Dataiku 6 also enables Snowflake users to experience faster runtimes in Dataiku with the new optimized sync with WASB and native execution of Spark jobs in Snowflake. The new SQL pipelines make it lightning fast to execute long, multi-step SQL data pipelines, allowing for an optimized compute and storage environment when working with SQL data.
White Box ML
Dataiku 6 has added two new visual machine learning capabilities: partial dependence plots and subpopulation analysis, which enable users to deep-dive into key aspects of model behavior that can help teams avoid undesirable model biases. With subpopulation analysis, users can easily weed out these unintended model biases and create a more transparent and fair deployment of AI. Partial dependence plots help model creators understand complex models visually by surfacing the relationship between a feature and the target.

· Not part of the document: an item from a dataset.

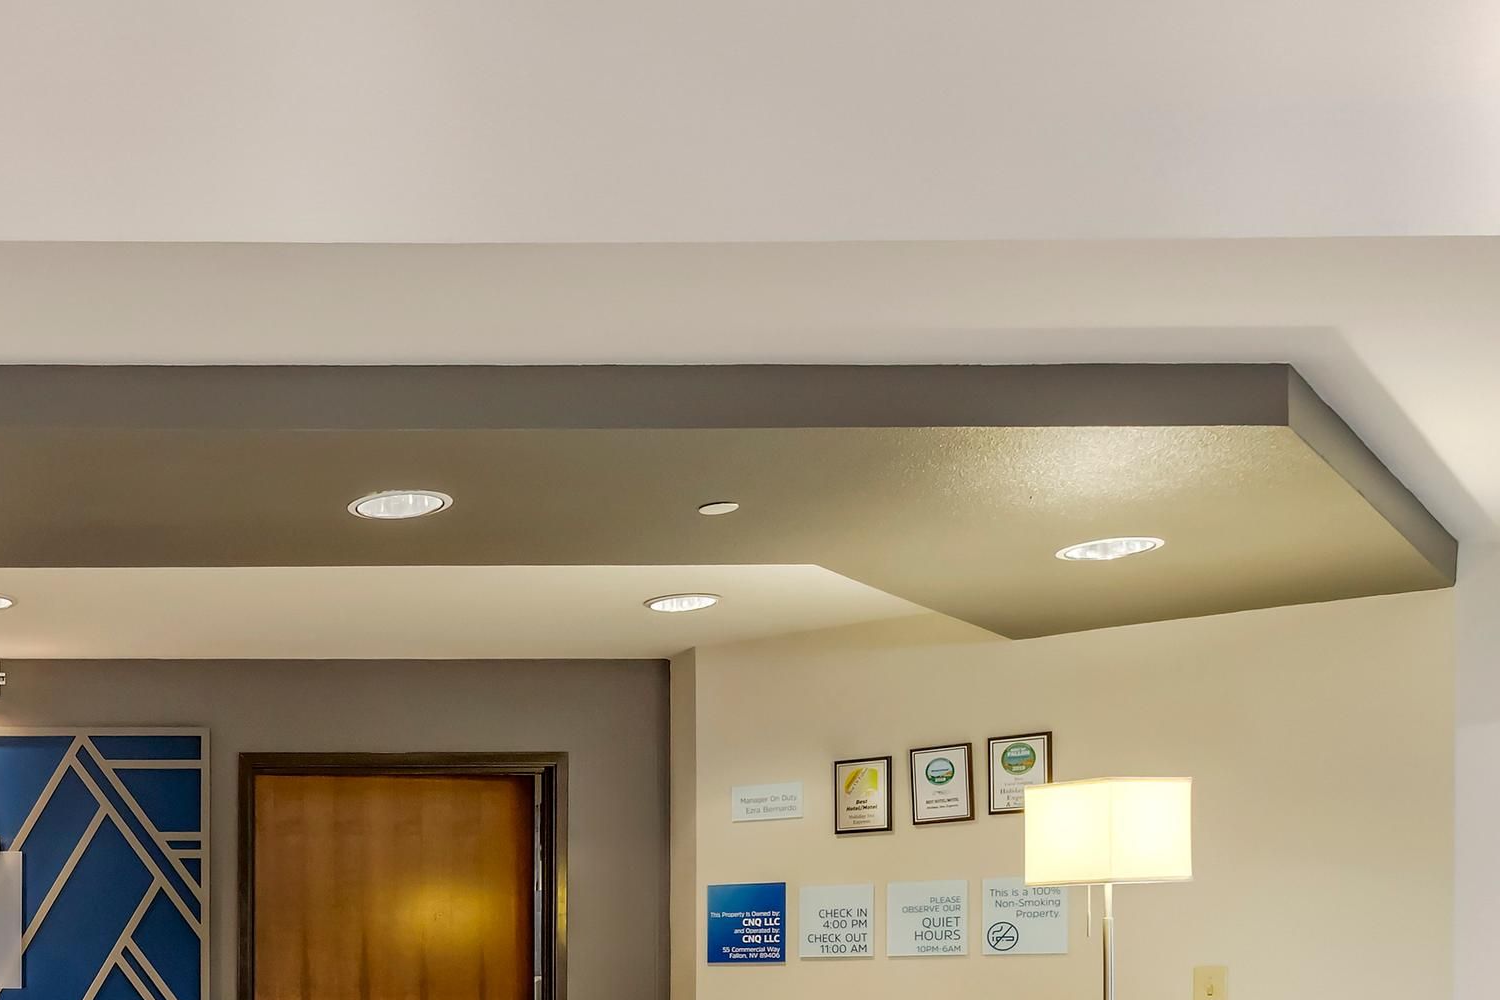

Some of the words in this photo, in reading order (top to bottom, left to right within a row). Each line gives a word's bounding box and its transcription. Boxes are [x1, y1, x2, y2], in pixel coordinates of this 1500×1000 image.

Collaboration and Efficiency
Improved IDE integrations (RStudio, VS Code, SublimeText, PyCharm) enable coders to work in their environment of choice while fueling collaboration on the Dataiku platform. Better visualization is critical for communicating AI deployments to business stakeholders and for data scientists to understand and track the progress of AI projects -- Dataiku 6 makes it seamless to work with external data visualization tools like Qlik and Tableau.
With the collaboration features added in this release, data analysts can easily leverage the revamped plugins store and reuse code created by data engineers and data scientists in their everyday workflows. With features like custom model plugins for Visual ML and custom charts, coders can now create and share beautiful custom charts and custom ML models with clickers.